High-intensity exercise for six minutes could increase the longevity of a healthy brain and postpone the beginning of neurodegenerative diseases like Parkinson’s and Alzheimer’s.
A brief but vigorous cycling session promotes the production of a specialized protein that is crucial for brain development, learning, and memory and may shield the brain from age-related cognitive decline, according to new research published in The Journal of Physiology. This understanding of exercise is a component of the effort to create non-pharmacological, non-discriminatory, and economical ways that anybody can use to promote good aging.
The specialized protein named brain-derived neurotrophic factor (BDNF) promotes neuroplasticity (the ability of the brain to form new connections and pathways) and the survival of neurons.
According to research conducted on animals, BDNF availability increases memory formation and storage, improves learning, and generally improves cognitive performance. These key roles and its apparent neuroprotective qualities have led to the interest in BDNF for ageing research.
Lead author Travis Gibbons from the University of Otago, New Zealand said:
“BDNF has shown great promise in animal models, but pharmaceutical interventions have thus far failed to safely harness the protective power of BDNF in humans. We saw the need to explore non-pharmacological approaches that can preserve the brain’s capacity which humans can use to naturally increase BDNF to help with healthy ageing.”
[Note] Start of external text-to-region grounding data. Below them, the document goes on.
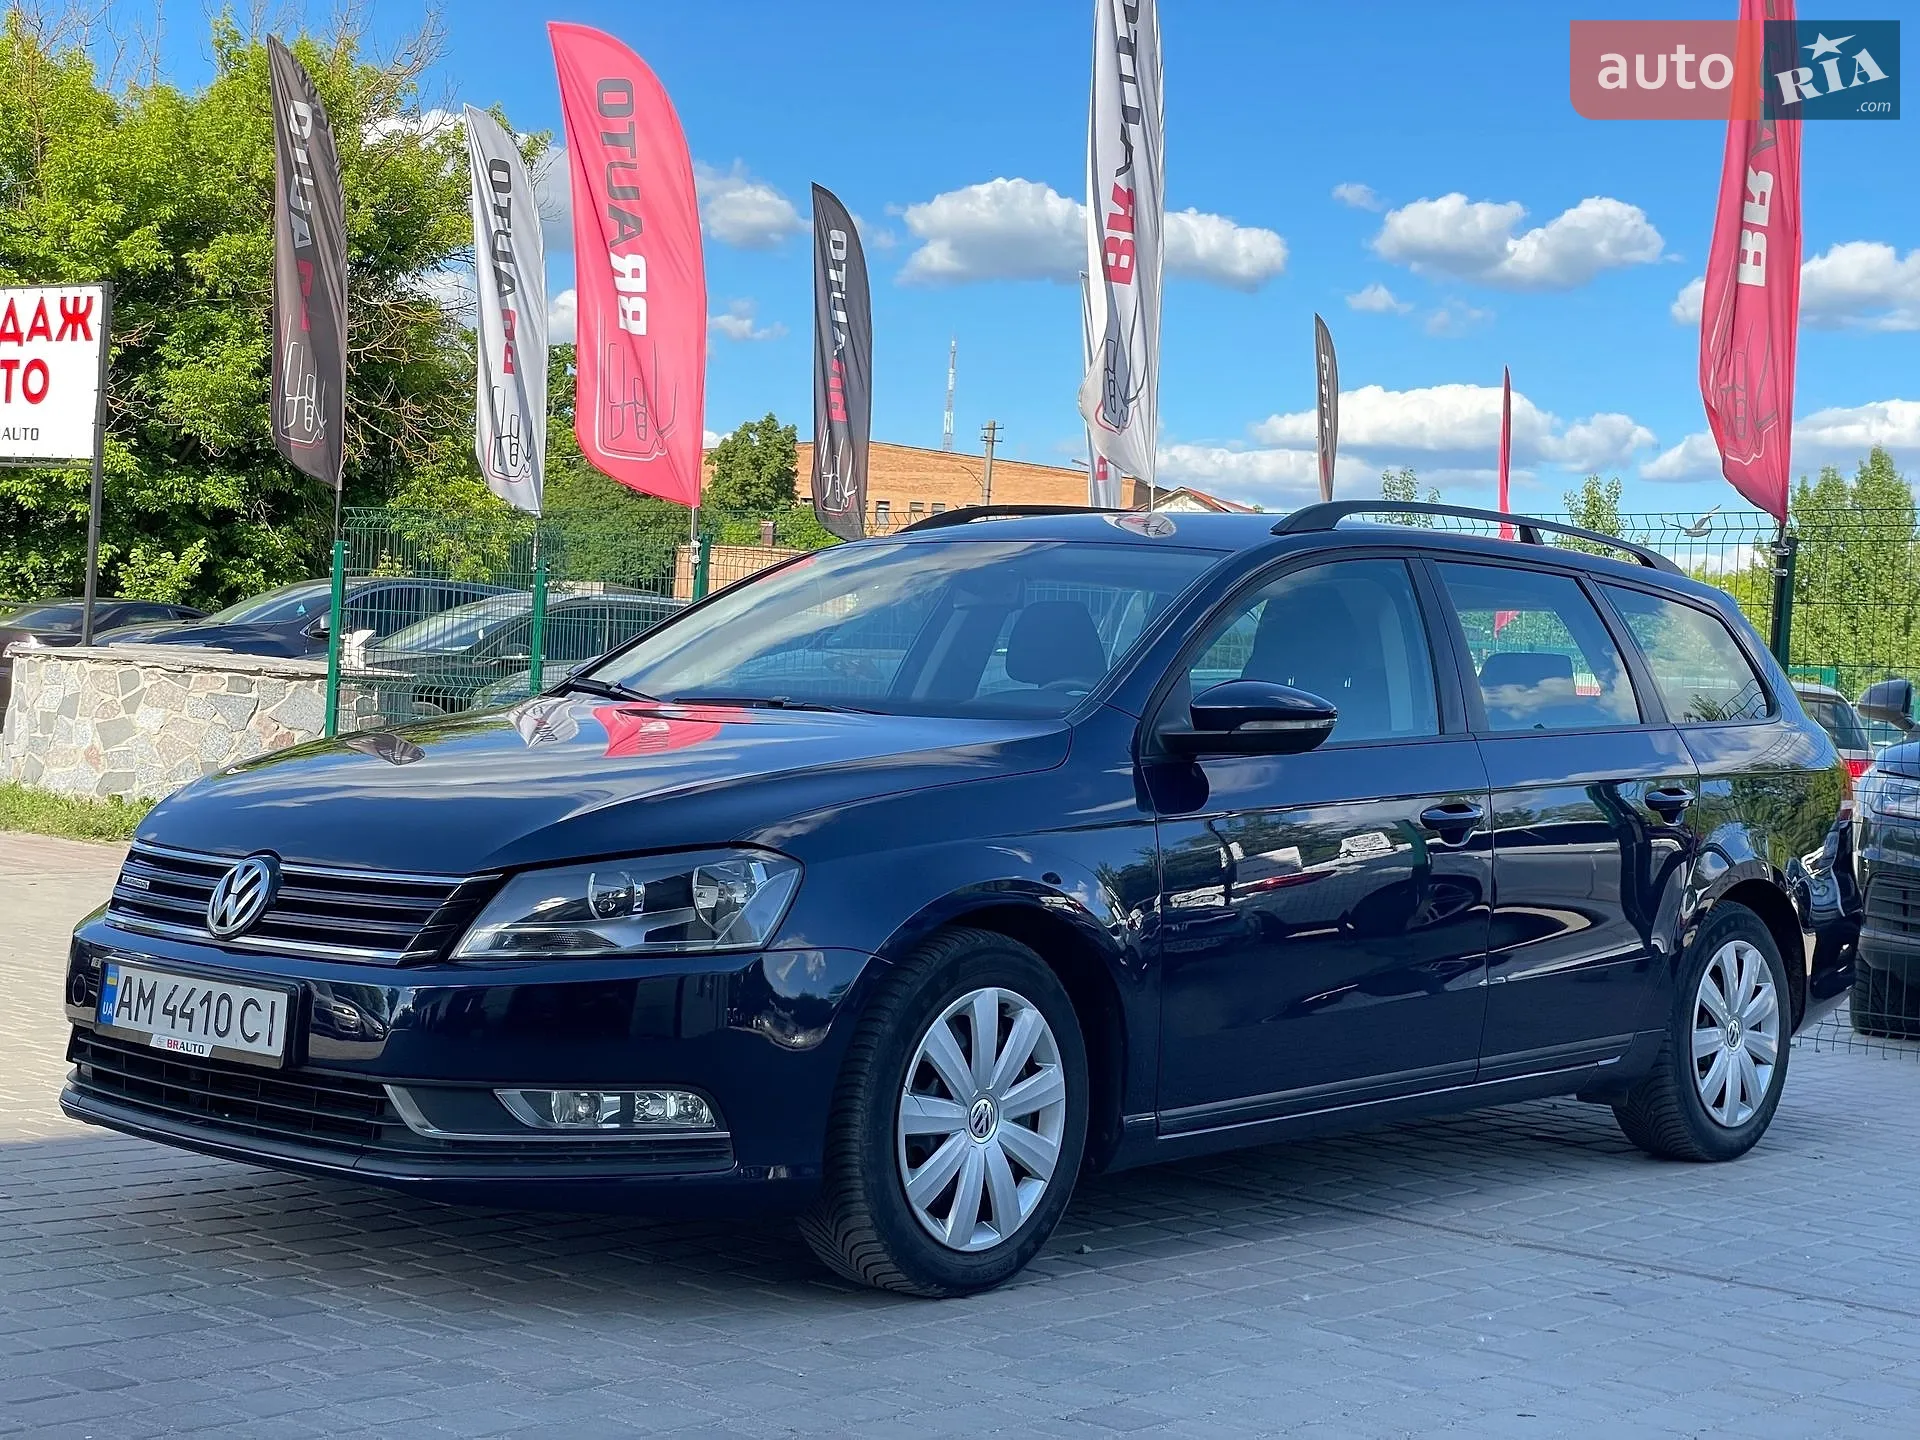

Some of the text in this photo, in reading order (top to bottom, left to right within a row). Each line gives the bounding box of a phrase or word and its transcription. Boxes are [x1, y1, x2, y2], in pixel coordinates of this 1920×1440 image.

[1, 427, 39, 441] AUTO
[102, 1002, 113, 1018] UA
[166, 1038, 205, 1056] BRAUTO
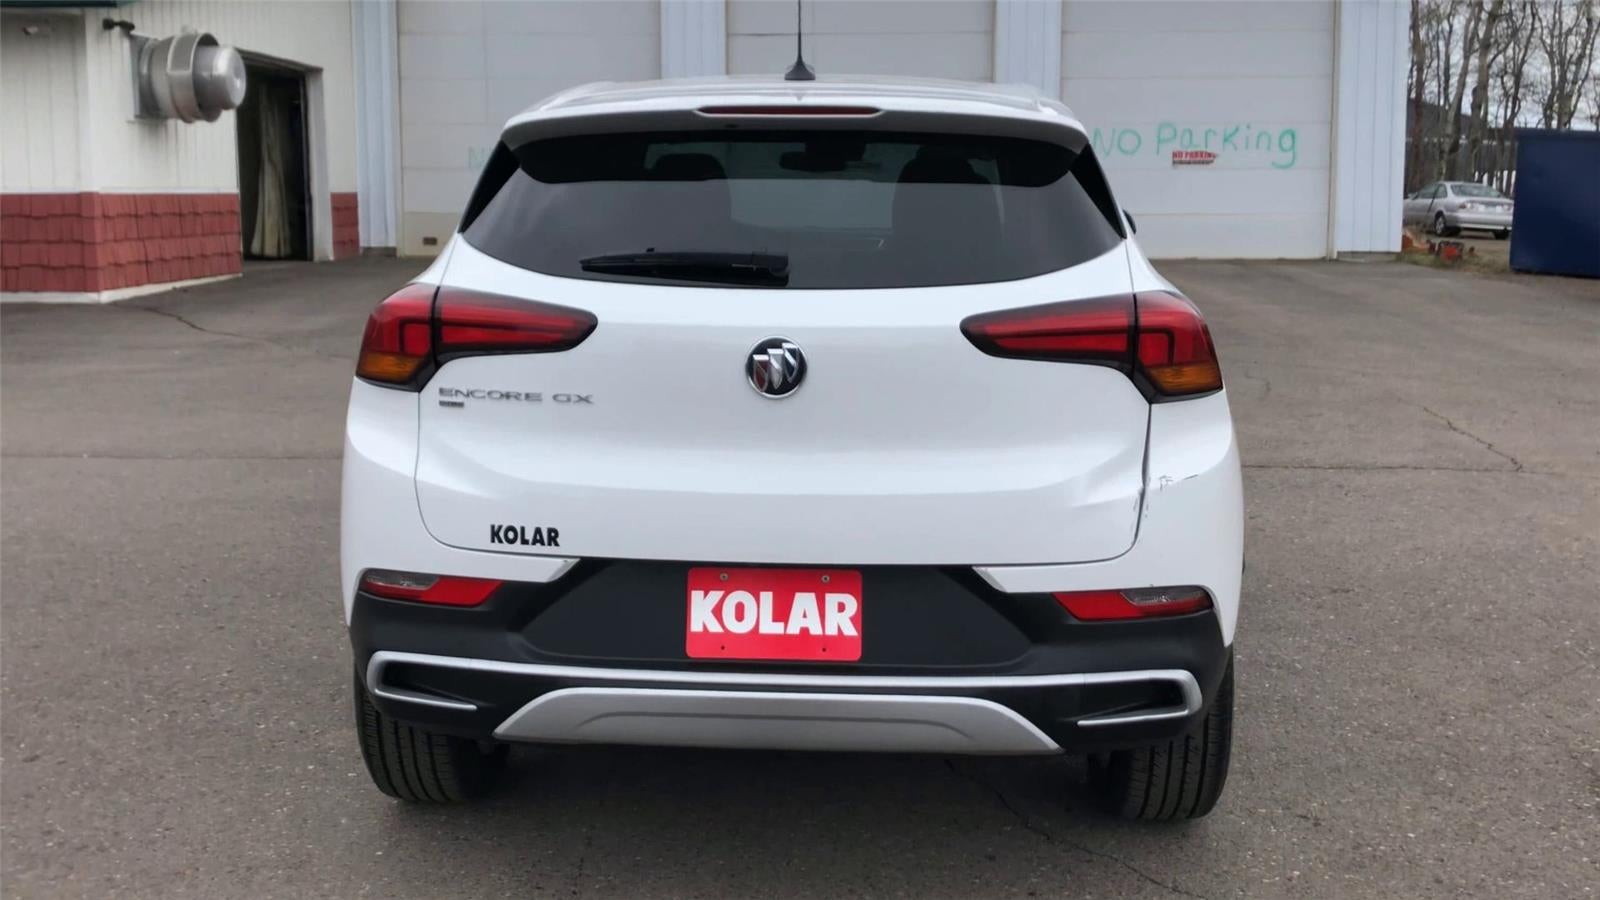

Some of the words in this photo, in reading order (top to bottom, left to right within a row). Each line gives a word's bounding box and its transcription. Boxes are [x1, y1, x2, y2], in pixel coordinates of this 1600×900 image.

[1093, 127, 1142, 156] NO
[439, 387, 542, 402] ENCORE
[552, 393, 594, 404] GX
[490, 524, 560, 547] KOLAR
[690, 590, 859, 636] KOLAR
To tease apart the influence of fasting and exercise on BDNF production researchers, from the University of Otago, New Zealand, compared the following factors to study the isolated and interactive effects:
- Fasting for 20 hours,
- Light exercise (90-minute low intensity cycling),
- High-intensity exercise (six-minute bout of vigorous cycling),
- Combined fasting and exercise.
In comparison to one day of fasting with or without a lengthy session of gentle activity, they discovered that brief but vigorous exercise was the most effective approach to raise BDNF. BDNF increased by four to five-fold (396 pg L-1 to 1170 pg L-1) more compared to fasting (no change in BDNF concentration) or prolonged activity (slight increase in BDNF concentration, 336 pg L-1 to 390 pg L-1).
More research is required to fully understand the mechanisms at play because the reason for these discrepancies is still unknown. One theory relates to glucose metabolism, the brain’s main fuel source, and the cerebral substrate switch.
The cerebral substrate switch occurs when the brain moves from one preferred fuel source to another in order to meet the body’s energy requirements, such as when lactate is metabolized during exercise instead of glucose. The brain’s transition from consuming glucose to lactate initiates pathways that result in elevated levels of BDNF in the blood.
The observed increase in BDNF during exercise could be due to the increased number of platelets (the smallest blood cell) which store large amounts of BDNF. Exercise exerts a 20% greater influence on the concentration of platelets in the blood than does fasting.
12 physically active participants (six males, six females aged between 18 and 56 years) took part in the study. Instead of showing sex disparities, the evenly split between male and female participants was intended to better represent the population.
In order to distinguish between the influence on BDNF and the cognitive benefits, more study is being done to go deeper into the effects of calorie restriction and exercise.
Travis Gibbons said: “We are now studying how fasting for longer durations, for example up to three days, influences BDNF. We are curious whether exercising hard at the start of a fast accelerates the beneficial effects of fasting. Fasting and exercise are rarely studied together. We think fasting and exercise can be used in conjunction to optimize BDNF production in the human brain.”